[Source records]

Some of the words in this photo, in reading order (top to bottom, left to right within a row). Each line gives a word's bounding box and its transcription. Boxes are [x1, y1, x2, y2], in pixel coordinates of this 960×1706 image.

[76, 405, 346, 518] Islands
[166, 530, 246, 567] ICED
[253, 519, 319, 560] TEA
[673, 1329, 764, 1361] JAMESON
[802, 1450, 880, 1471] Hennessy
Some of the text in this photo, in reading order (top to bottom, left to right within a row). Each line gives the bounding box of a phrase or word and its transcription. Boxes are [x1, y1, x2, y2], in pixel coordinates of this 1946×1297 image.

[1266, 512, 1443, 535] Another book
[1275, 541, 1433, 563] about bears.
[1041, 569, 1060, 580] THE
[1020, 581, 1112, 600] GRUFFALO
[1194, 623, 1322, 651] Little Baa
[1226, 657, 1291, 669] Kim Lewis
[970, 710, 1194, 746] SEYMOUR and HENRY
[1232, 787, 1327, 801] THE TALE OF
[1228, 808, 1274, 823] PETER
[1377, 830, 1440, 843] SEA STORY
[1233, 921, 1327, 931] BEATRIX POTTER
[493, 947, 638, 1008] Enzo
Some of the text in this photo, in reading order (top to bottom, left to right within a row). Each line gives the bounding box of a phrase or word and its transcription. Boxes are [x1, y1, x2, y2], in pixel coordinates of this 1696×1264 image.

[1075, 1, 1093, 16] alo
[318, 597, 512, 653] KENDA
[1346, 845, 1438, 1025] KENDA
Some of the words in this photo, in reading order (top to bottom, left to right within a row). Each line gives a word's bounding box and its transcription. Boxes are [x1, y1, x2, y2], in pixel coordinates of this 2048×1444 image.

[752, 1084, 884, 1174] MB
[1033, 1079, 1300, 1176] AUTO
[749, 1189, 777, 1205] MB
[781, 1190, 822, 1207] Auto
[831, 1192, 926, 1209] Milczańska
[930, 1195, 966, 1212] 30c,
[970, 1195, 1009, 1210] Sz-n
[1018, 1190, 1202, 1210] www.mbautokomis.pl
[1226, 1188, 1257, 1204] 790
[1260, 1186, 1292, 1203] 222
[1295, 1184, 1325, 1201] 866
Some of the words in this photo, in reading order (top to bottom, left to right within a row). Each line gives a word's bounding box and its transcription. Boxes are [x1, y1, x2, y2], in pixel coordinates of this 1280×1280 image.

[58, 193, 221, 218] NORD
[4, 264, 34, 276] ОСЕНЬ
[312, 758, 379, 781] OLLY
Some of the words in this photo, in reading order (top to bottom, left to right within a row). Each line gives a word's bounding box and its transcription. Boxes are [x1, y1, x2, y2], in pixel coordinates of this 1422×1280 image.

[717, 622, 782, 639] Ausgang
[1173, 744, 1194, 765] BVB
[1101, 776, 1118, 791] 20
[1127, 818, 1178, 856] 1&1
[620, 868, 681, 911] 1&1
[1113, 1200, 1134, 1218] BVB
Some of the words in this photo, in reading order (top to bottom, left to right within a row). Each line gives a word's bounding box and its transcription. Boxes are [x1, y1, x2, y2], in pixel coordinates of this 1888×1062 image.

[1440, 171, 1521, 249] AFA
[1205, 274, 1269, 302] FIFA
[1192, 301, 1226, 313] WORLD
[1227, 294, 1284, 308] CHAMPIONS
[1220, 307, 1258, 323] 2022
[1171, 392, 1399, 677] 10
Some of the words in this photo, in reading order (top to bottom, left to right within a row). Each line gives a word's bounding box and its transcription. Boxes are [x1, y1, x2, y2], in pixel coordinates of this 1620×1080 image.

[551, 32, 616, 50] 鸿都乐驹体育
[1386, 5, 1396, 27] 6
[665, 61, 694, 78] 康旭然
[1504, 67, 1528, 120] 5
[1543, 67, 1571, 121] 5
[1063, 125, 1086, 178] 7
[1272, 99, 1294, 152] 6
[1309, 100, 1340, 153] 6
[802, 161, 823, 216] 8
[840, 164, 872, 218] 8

What the exercise asks: Return all of the data word for word.

Written reply:
Some of the words in this photo, in reading order (top to bottom, left to right within a row). Each line gives a word's bounding box and its transcription. Boxes are [x1, y1, x2, y2], in pixel coordinates of this 960×1706 image.

[76, 405, 346, 518] Islands
[166, 530, 246, 567] ICED
[253, 519, 319, 560] TEA
[673, 1329, 764, 1361] JAMESON
[802, 1450, 880, 1471] Hennessy
Some of the text in this photo, in reading order (top to bottom, left to right within a row). Each line gives the bounding box of a phrase or word and its transcription. Boxes are [x1, y1, x2, y2], in pixel coordinates of this 1946×1297 image.

[1266, 512, 1443, 535] Another book
[1275, 541, 1433, 563] about bears.
[1041, 569, 1060, 580] THE
[1020, 581, 1112, 600] GRUFFALO
[1194, 623, 1322, 651] Little Baa
[1226, 657, 1291, 669] Kim Lewis
[970, 710, 1194, 746] SEYMOUR and HENRY
[1232, 787, 1327, 801] THE TALE OF
[1228, 808, 1274, 823] PETER
[1377, 830, 1440, 843] SEA STORY
[1233, 921, 1327, 931] BEATRIX POTTER
[493, 947, 638, 1008] Enzo
Some of the text in this photo, in reading order (top to bottom, left to right within a row). Each line gives the bounding box of a phrase or word and its transcription. Boxes are [x1, y1, x2, y2], in pixel coordinates of this 1696×1264 image.

[1075, 1, 1093, 16] alo
[318, 597, 512, 653] KENDA
[1346, 845, 1438, 1025] KENDA
Some of the words in this photo, in reading order (top to bottom, left to right within a row). Each line gives a word's bounding box and its transcription. Boxes are [x1, y1, x2, y2], in pixel coordinates of this 2048×1444 image.

[752, 1084, 884, 1174] MB
[1033, 1079, 1300, 1176] AUTO
[749, 1189, 777, 1205] MB
[781, 1190, 822, 1207] Auto
[831, 1192, 926, 1209] Milczańska
[930, 1195, 966, 1212] 30c,
[970, 1195, 1009, 1210] Sz-n
[1018, 1190, 1202, 1210] www.mbautokomis.pl
[1226, 1188, 1257, 1204] 790
[1260, 1186, 1292, 1203] 222
[1295, 1184, 1325, 1201] 866
Some of the words in this photo, in reading order (top to bottom, left to right within a row). Each line gives a word's bounding box and its transcription. Boxes are [x1, y1, x2, y2], in pixel coordinates of this 1280×1280 image.

[58, 193, 221, 218] NORD
[4, 264, 34, 276] ОСЕНЬ
[312, 758, 379, 781] OLLY
Some of the words in this photo, in reading order (top to bottom, left to right within a row). Each line gives a word's bounding box and its transcription. Boxes are [x1, y1, x2, y2], in pixel coordinates of this 1422×1280 image.

[717, 622, 782, 639] Ausgang
[1173, 744, 1194, 765] BVB
[1101, 776, 1118, 791] 20
[1127, 818, 1178, 856] 1&1
[620, 868, 681, 911] 1&1
[1113, 1200, 1134, 1218] BVB
Some of the words in this photo, in reading order (top to bottom, left to right within a row). Each line gives a word's bounding box and its transcription. Boxes are [x1, y1, x2, y2], in pixel coordinates of this 1888×1062 image.

[1440, 171, 1521, 249] AFA
[1205, 274, 1269, 302] FIFA
[1192, 301, 1226, 313] WORLD
[1227, 294, 1284, 308] CHAMPIONS
[1220, 307, 1258, 323] 2022
[1171, 392, 1399, 677] 10
Some of the words in this photo, in reading order (top to bottom, left to right within a row). Each line gives a word's bounding box and its transcription. Boxes are [x1, y1, x2, y2], in pixel coordinates of this 1620×1080 image.

[551, 32, 616, 50] 鸿都乐驹体育
[1386, 5, 1396, 27] 6
[665, 61, 694, 78] 康旭然
[1504, 67, 1528, 120] 5
[1543, 67, 1571, 121] 5
[1063, 125, 1086, 178] 7
[1272, 99, 1294, 152] 6
[1309, 100, 1340, 153] 6
[802, 161, 823, 216] 8
[840, 164, 872, 218] 8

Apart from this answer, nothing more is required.